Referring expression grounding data
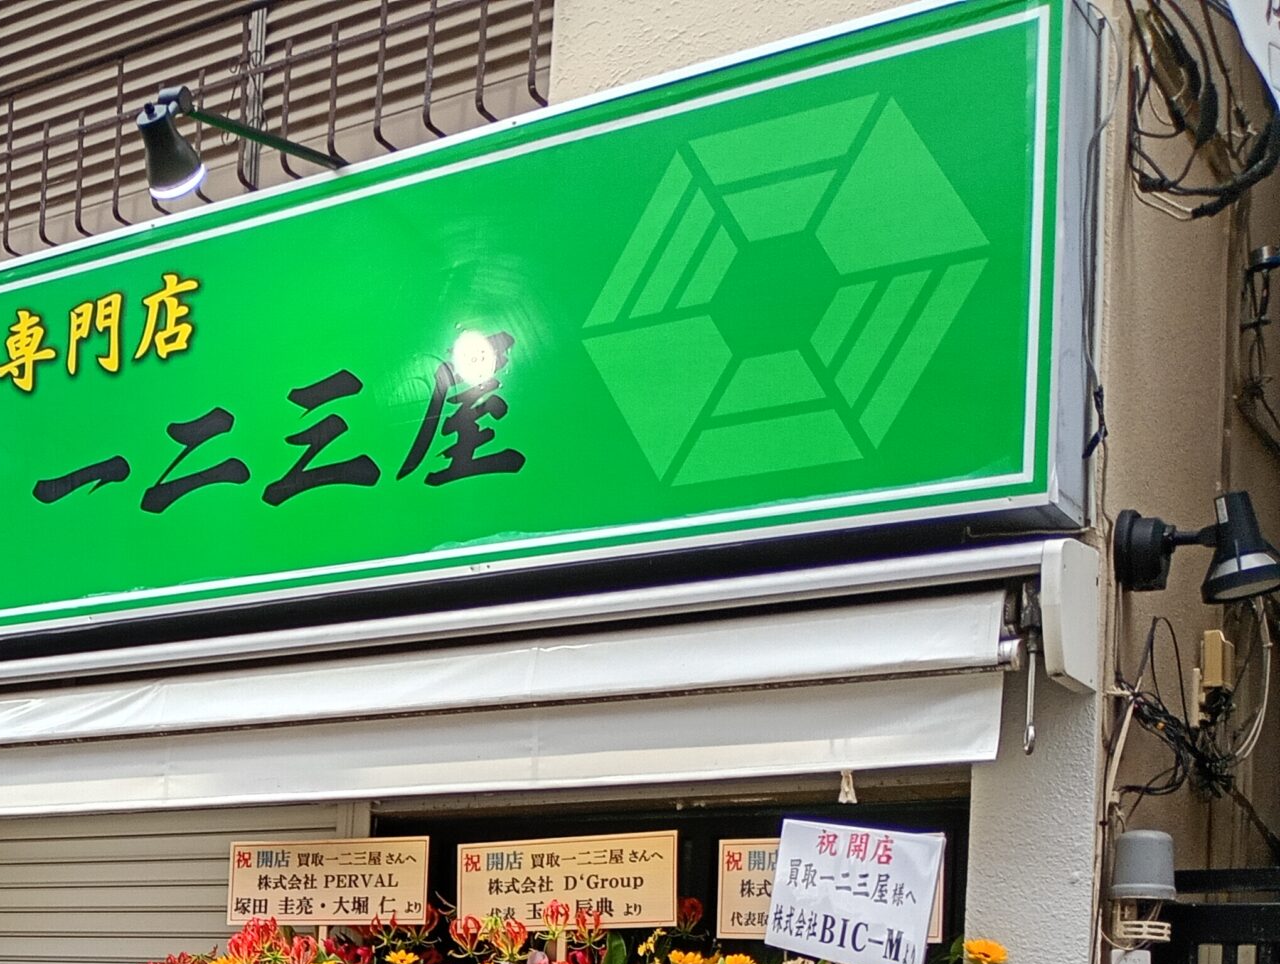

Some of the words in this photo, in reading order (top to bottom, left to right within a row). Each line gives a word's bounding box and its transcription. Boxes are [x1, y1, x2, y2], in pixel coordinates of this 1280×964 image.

[257, 850, 291, 868] 開店
[486, 851, 523, 871] 開店
[257, 874, 318, 891] 株式会社
[324, 873, 399, 888] PERVAL
[488, 876, 554, 895] 株式会社
[404, 901, 422, 914] より
[623, 902, 642, 916] より
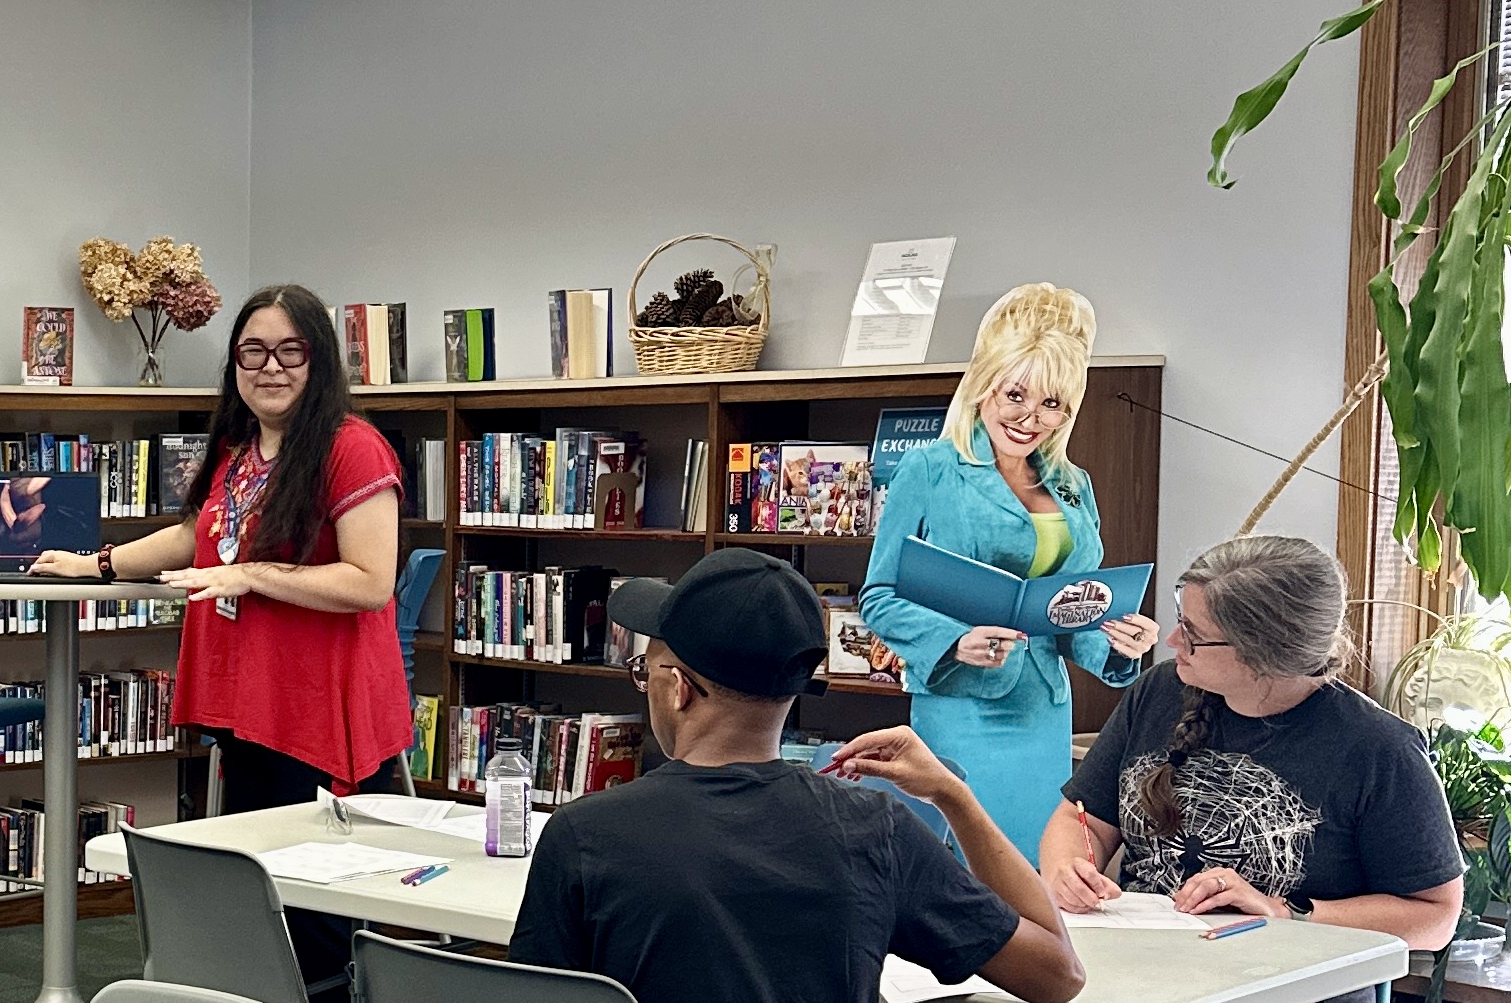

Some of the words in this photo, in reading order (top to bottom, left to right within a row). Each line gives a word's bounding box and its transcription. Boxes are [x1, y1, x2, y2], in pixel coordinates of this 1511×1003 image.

[894, 418, 940, 433] PUZZLE
[733, 472, 742, 505] KODAK
[728, 513, 739, 533] 350

What to do »
Nothing but the lines from the one containing "this 1511×1003 image." to the end of the records above should appear, each copied exactly.

Output below »
Some of the words in this photo, in reading order (top to bottom, left to right within a row). Each line gives a word's bounding box and its transcription. Boxes are [x1, y1, x2, y2], in pixel coordinates of this 1511×1003 image.

[894, 418, 940, 433] PUZZLE
[733, 472, 742, 505] KODAK
[728, 513, 739, 533] 350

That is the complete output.